Reynold's film implies that we ignore our looming demise, and that the status quo distracts us from taking necessary action and therefore must be replaced. Likewise, Reaboi and Co. view the future with apocalyptic fear, and call for “modern” politics to be replaced with a bare-knuckle fighting style that replaces the conventions of compromise and agreeableness with left and right hooks.

Post-modern movements seek to subvert and destroy the conventions and institutions they feel hold them back. But after they succeed in toppling modern institutions, the activists eventually turn on each other. History shows this pattern, as seen in the French Revolution's leaders' demise and the in-fighting within the Soviet Politburo. They then embrace pre-modern tribalism and authoritarianism with the new in-group in control.

Protect the miracle of progress by protecting modern politics

Scientific discoveries and technological innovations, supported by modern political systems, have revolutionized industries, communication, healthcare, and transportation. Modern politics prioritize education, ensuring that knowledge and skills are accessible to all, leading to a more informed and adaptable society.

We live in good times. We failed to teach this to the rising generation. But we can resist the calls to tear down institutions we dislike.

Every generation, civilization is invaded by barbarians; we call them children.

Hannah Arendt

The pre-modern, tribal barbarians came and this time, we failed to convert them to the modern cause. Now the barbarians are at the gates. Equipped with post-modern memes and the poor education we gave them, the new terminally online generation aims to tear down the social, technological, and political institutions that created the conditions for our prosperity. Be they members of the judiciary, vaccine makers, churches & religious communities, or bowling leagues & book clubs, post-modern political movements see them as enemies to be defeated or destroyed.

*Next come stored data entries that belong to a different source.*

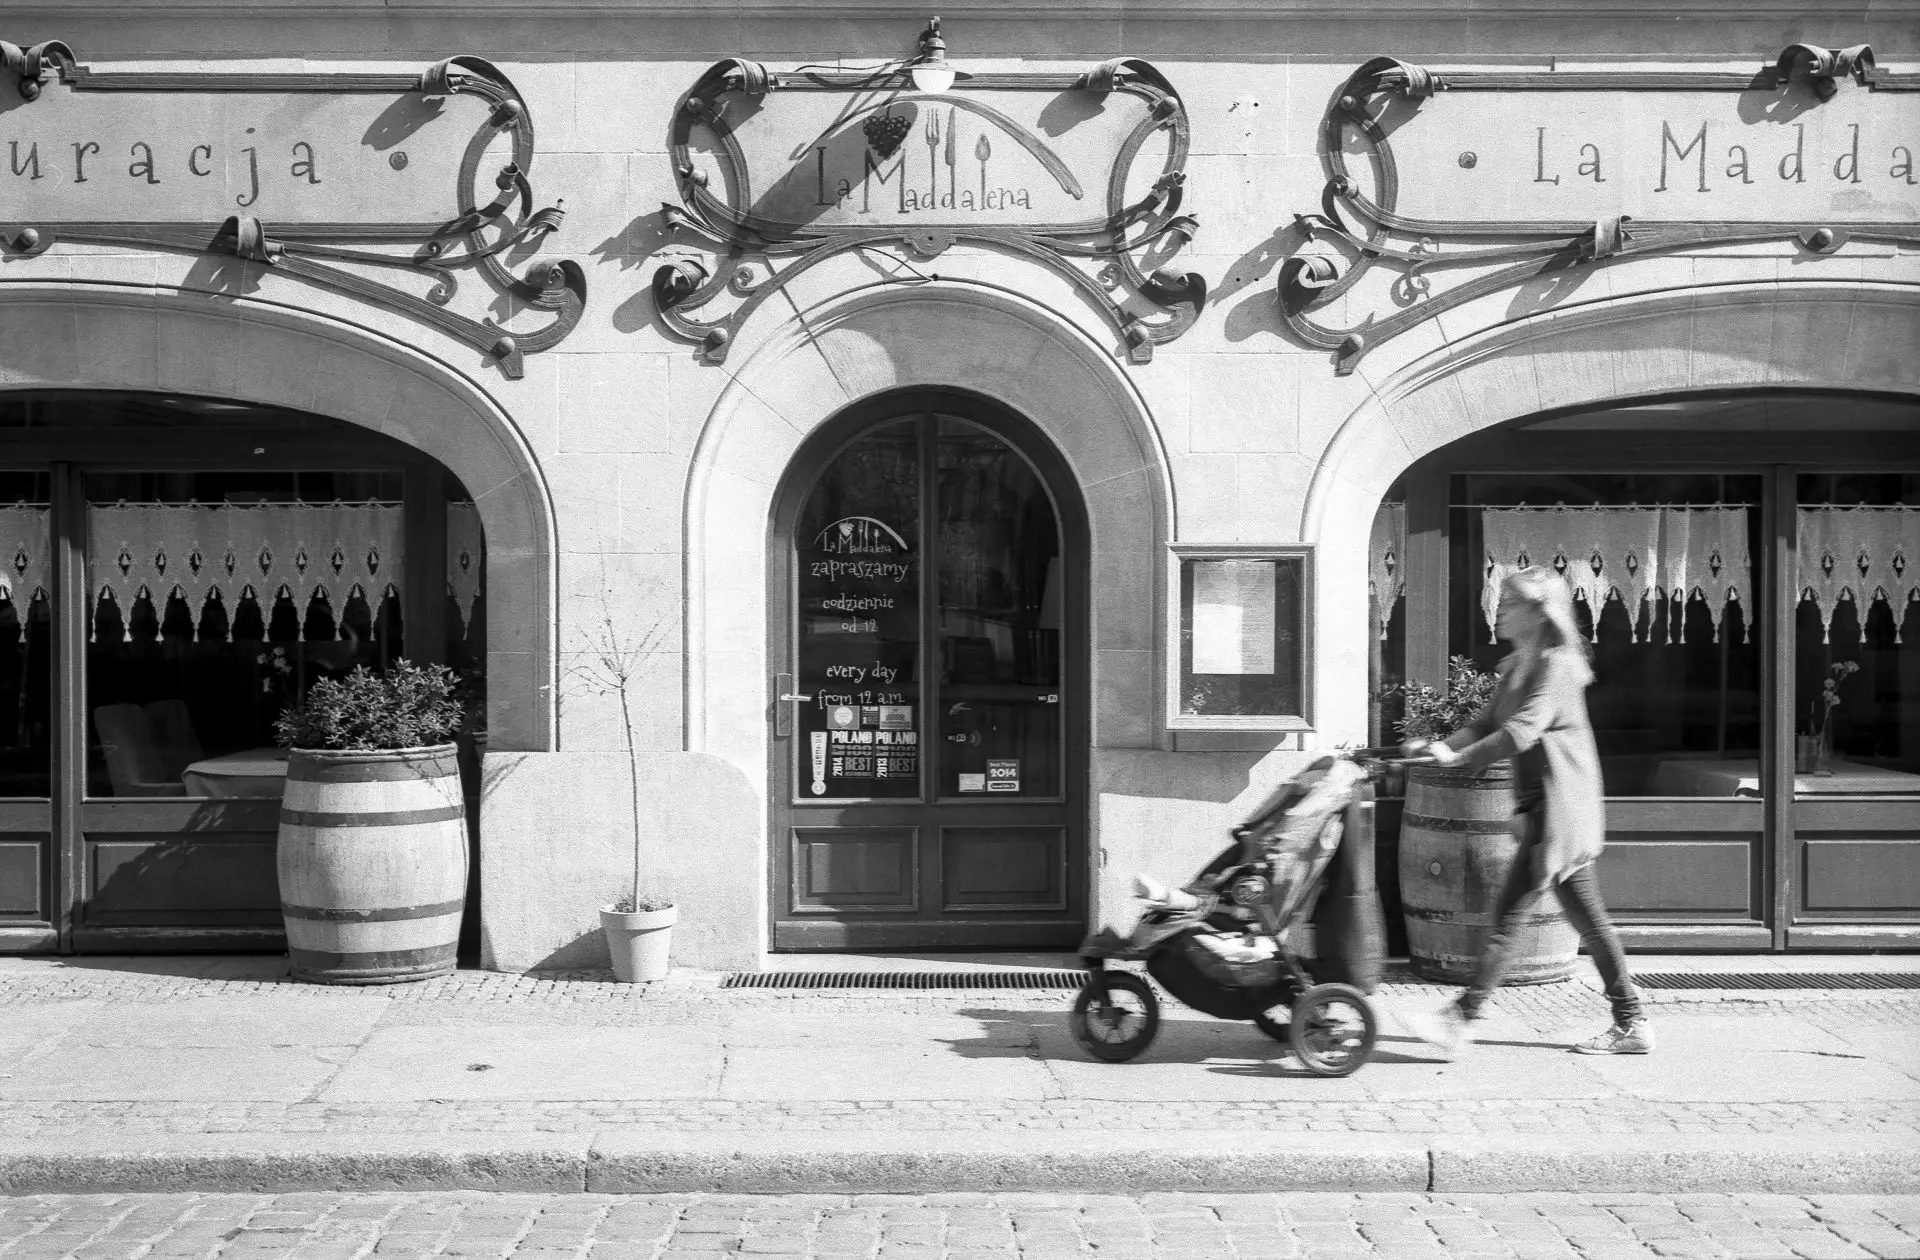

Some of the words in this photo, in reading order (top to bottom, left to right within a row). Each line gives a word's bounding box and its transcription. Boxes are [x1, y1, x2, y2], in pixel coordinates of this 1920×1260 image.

[815, 147, 853, 208] La
[858, 112, 1033, 214] Maddalena
[1533, 126, 1606, 186] La
[1654, 119, 1919, 193] Madda
[9, 127, 321, 207] uracja
[823, 532, 836, 552] La
[837, 524, 892, 554] Maddalena
[811, 560, 908, 583] zapraszamy
[823, 593, 895, 612] codziennie
[841, 616, 858, 634] od
[861, 619, 878, 633] 12
[826, 665, 867, 684] every
[871, 661, 898, 684] day
[818, 689, 854, 710] from
[857, 690, 872, 704] 12
[832, 730, 873, 744] POLAND
[875, 731, 917, 745] POLAND
[832, 757, 843, 777] 2014
[845, 757, 873, 771] BEST
[876, 757, 888, 778] 2013
[889, 758, 917, 772] BEST
[989, 768, 1017, 778] 2014
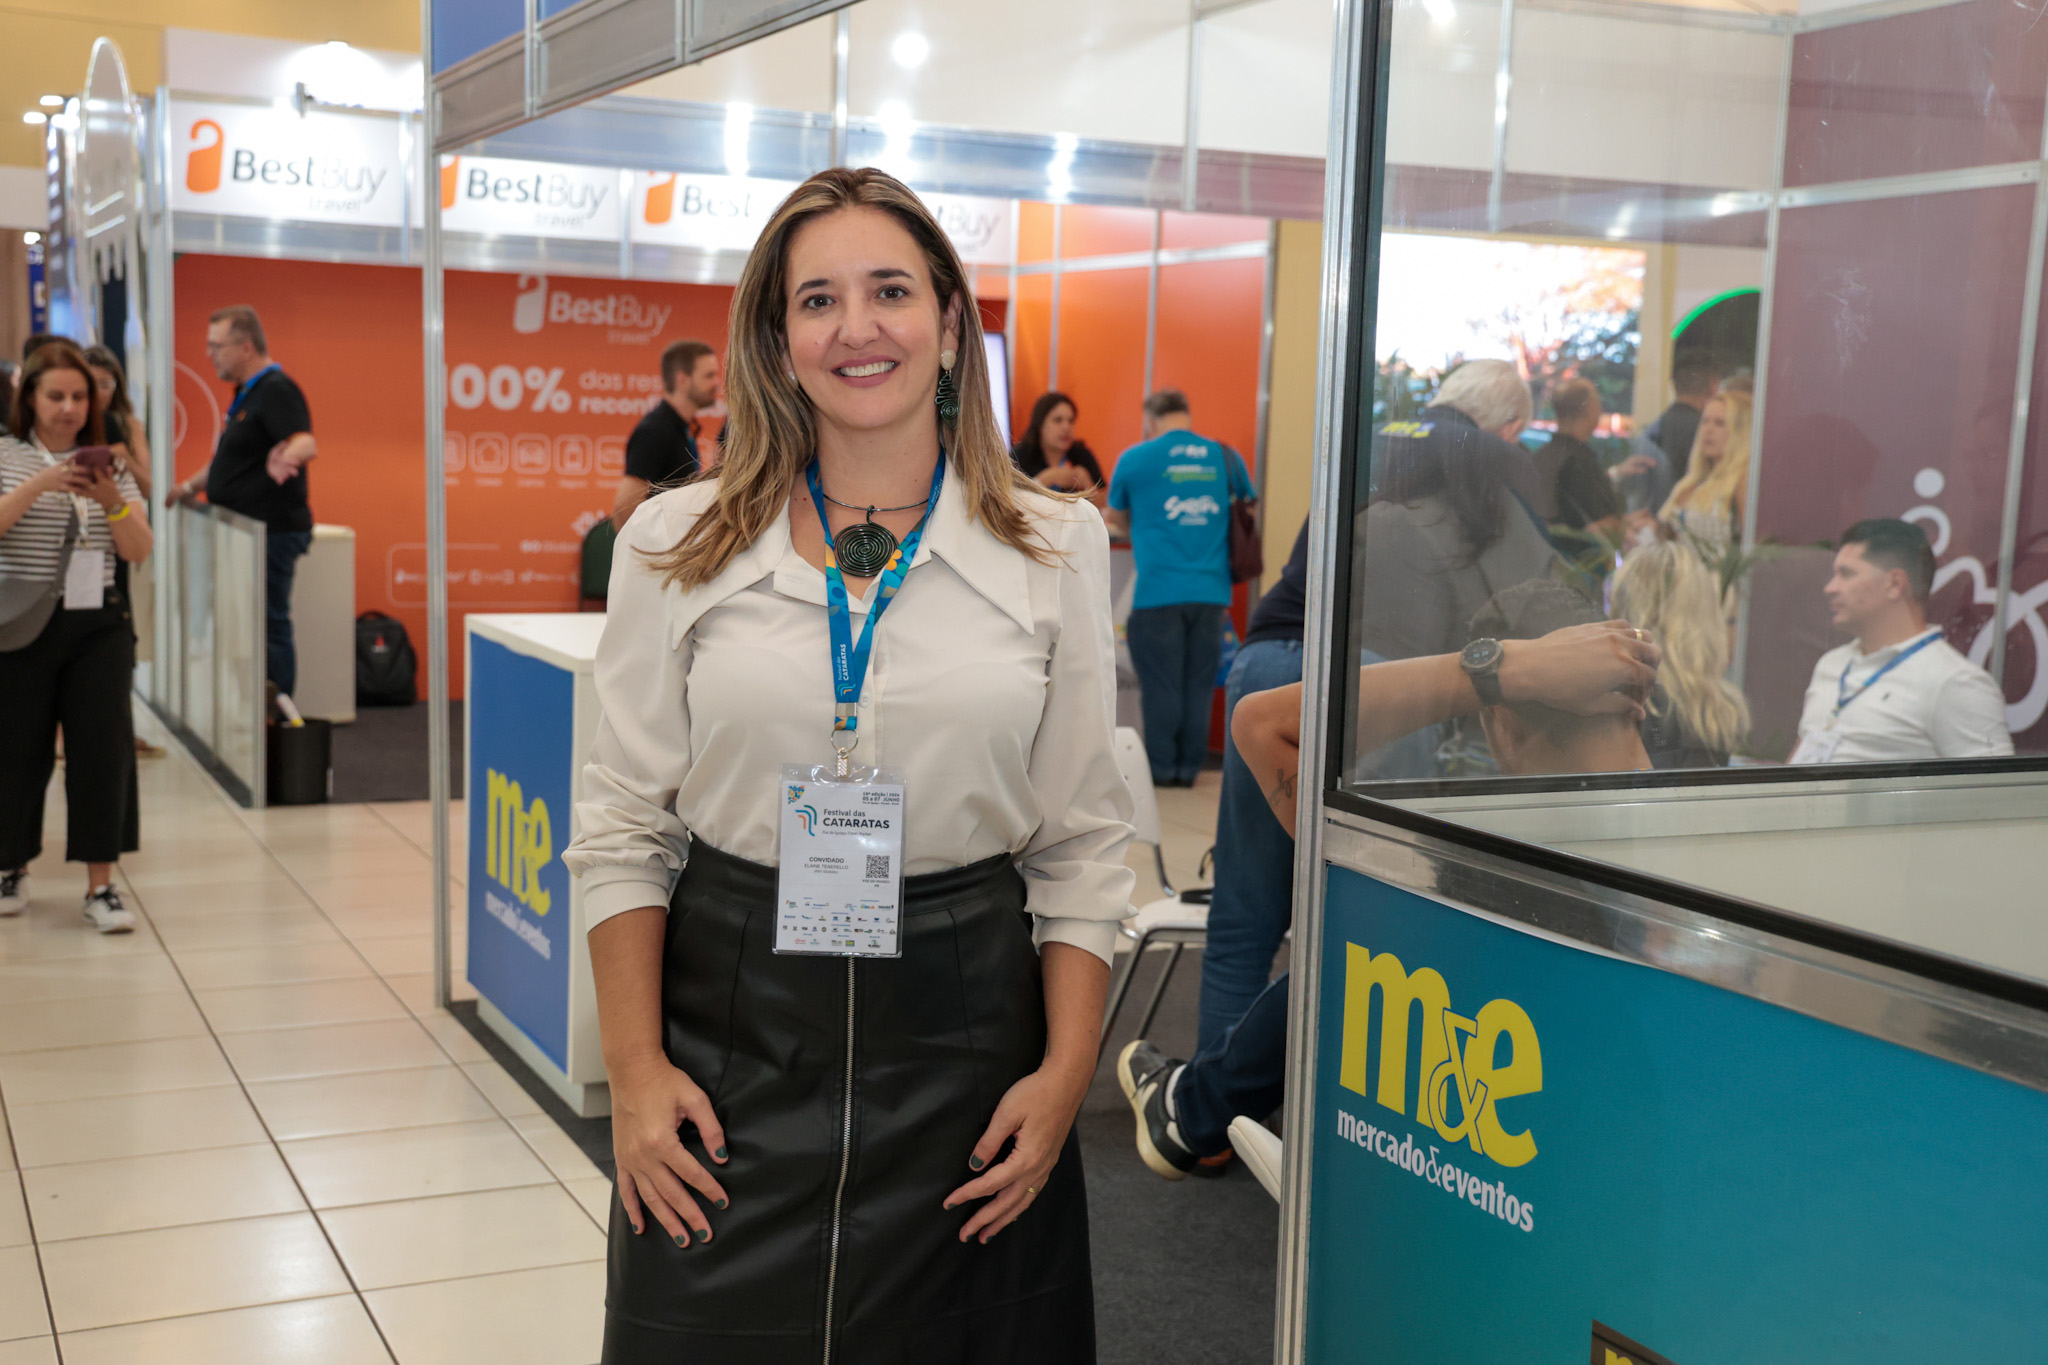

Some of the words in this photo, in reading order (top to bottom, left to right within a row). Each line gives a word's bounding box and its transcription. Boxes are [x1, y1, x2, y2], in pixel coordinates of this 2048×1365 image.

In doing so, they sow the seeds of a tyrannical crop for a pre-modernist to one day reap.

But maybe we can help stitch back together the recent tears in our cultural fabric. These tears—that destroy mutual trust, undermine feelings of community and camaraderie, and reduce the care for humanity that drives us as a species to do hard things—must be repaired if we want the world to reembrace the institutions and ideals that make progress possible.

By resisting the temptations of post-modern politics, we can help to protect the institutions which in turn protect American progress. This entails active involvement in local communities, constructive disagreement, and adherence to the rules of the game even when it means we lose. It means pushing back on vaccine denialism without villainizing the confused, or countering election fraud conspiracy theories without dunking on the theorists.

Post-modernist politics rejects the idea that people can be reasoned with. But I think we’re better than that. Don’t you?